Hiedra constante nevada, una corona de espinas; donde ayer el
cementerio
cobijaba los huesos y exhalaba un aroma de día de difuntos, la clase de
domingo que se usa
y se tira. Pones un pie y el alma se te llena de cadáveres. No hay
profesión
ahora, ningún hombre deja caer el mito sobre la tierra dócil.
El camposanto era un lugar tan fácil para saber el nombre de la vida,
empaparse de sumisión y certidumbre; tomar notas, dibujar a pulso un
orbe matemático
pleno de ángulos muertos.
Siglos que mueren en silencio
(nunca-jamás). Entras en el cementerio, pones un pie
y el cuervo cierra el pico, las cruces, en ascenso, saltan y forman una
corona de espinas. No hay presión
sobre los ataúdes: a la vista, abiertos como un after-hours. La cadena
de oro,
todo el oro, joyas y virtudes, arramblaron con la bisutería y el cielo
colorado, ¡qué promiscuidad!
Cruzas el torno y te ticketean, ¡adentro! No es una entrada cualquiera,
parece la antesala de una catedral
sideral, bien conservada, abulta como un palacio de buckingham, un
escorial sobredimensionado, la entrada mística
de central park. Siempre una pareja de gorriones, un millar de abejas,
su talento para la noticia: ¡aquí se fuma!
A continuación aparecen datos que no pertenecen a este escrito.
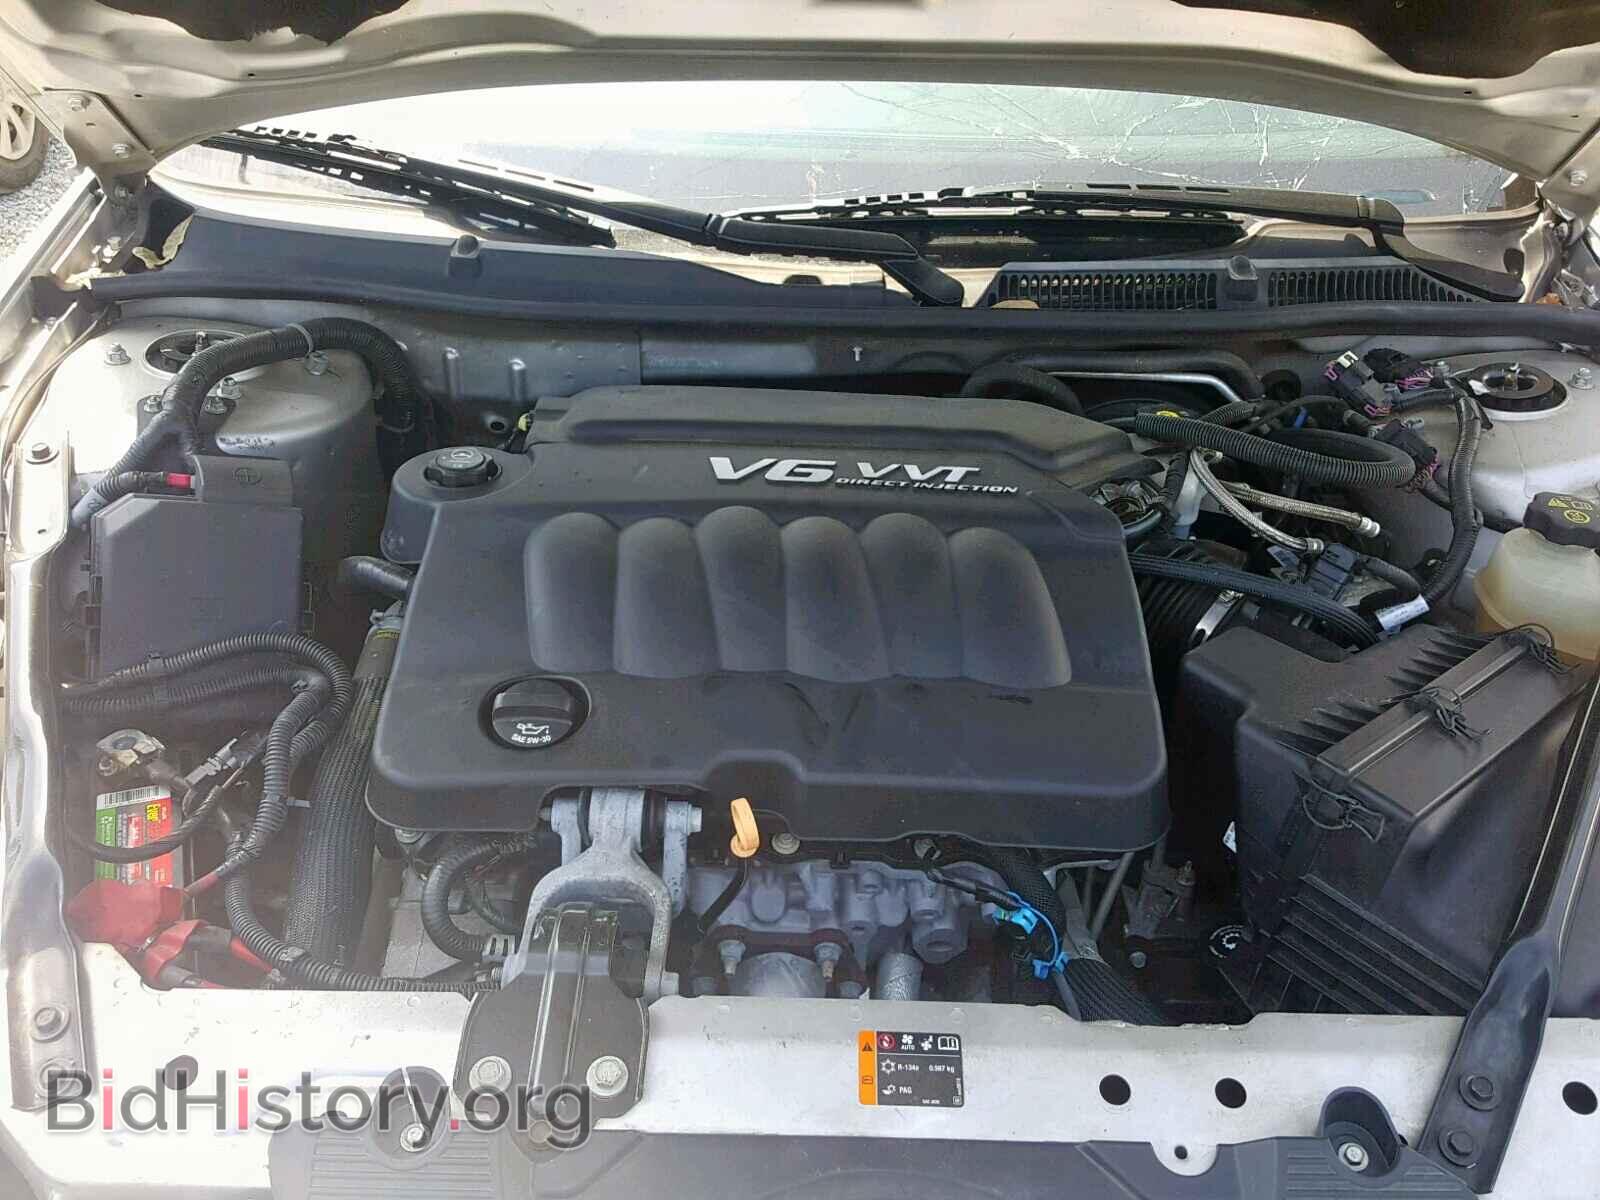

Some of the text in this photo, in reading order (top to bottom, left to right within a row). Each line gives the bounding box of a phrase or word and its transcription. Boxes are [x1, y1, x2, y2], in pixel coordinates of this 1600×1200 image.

[709, 456, 980, 483] V6 VVT
[835, 478, 1018, 494] DIRECT INJECTION
[898, 1086, 912, 1094] PAG
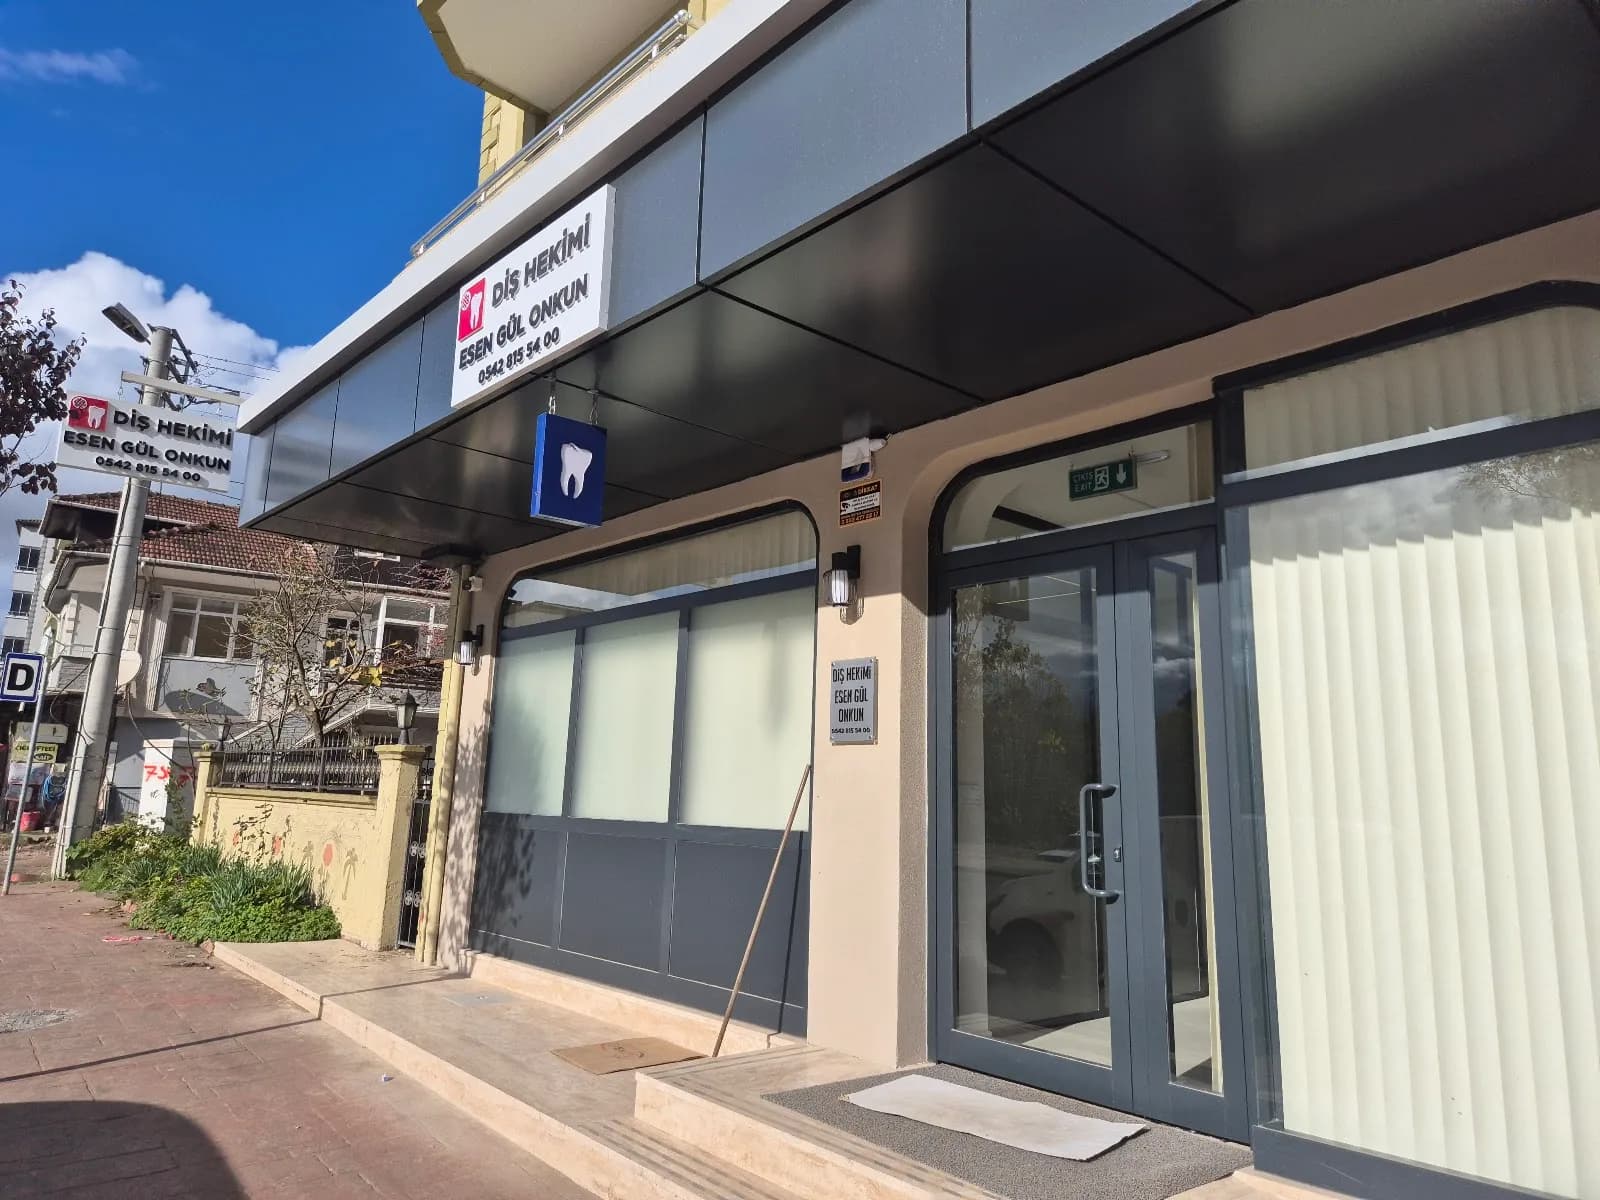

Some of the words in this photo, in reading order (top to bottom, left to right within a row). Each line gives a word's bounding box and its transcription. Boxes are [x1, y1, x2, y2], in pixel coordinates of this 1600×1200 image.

La tristeza está delante, pende de la memoria,
está tan cerca que resplandece de pena; es preciso adecuarse a
esta niebla tenaz
causada por el llanto reprimido, esta ausencia de grito que retumba dos
metros bajo el suelo; una miseria
conceptual ha invadido los gustos de la mayoría, sirve a una prosa
fondona, a una poesía
destilada, más bruta que antes.
Vamos a fumar. Y Jordan la primera, cogiendo sitio en el anfiteatro.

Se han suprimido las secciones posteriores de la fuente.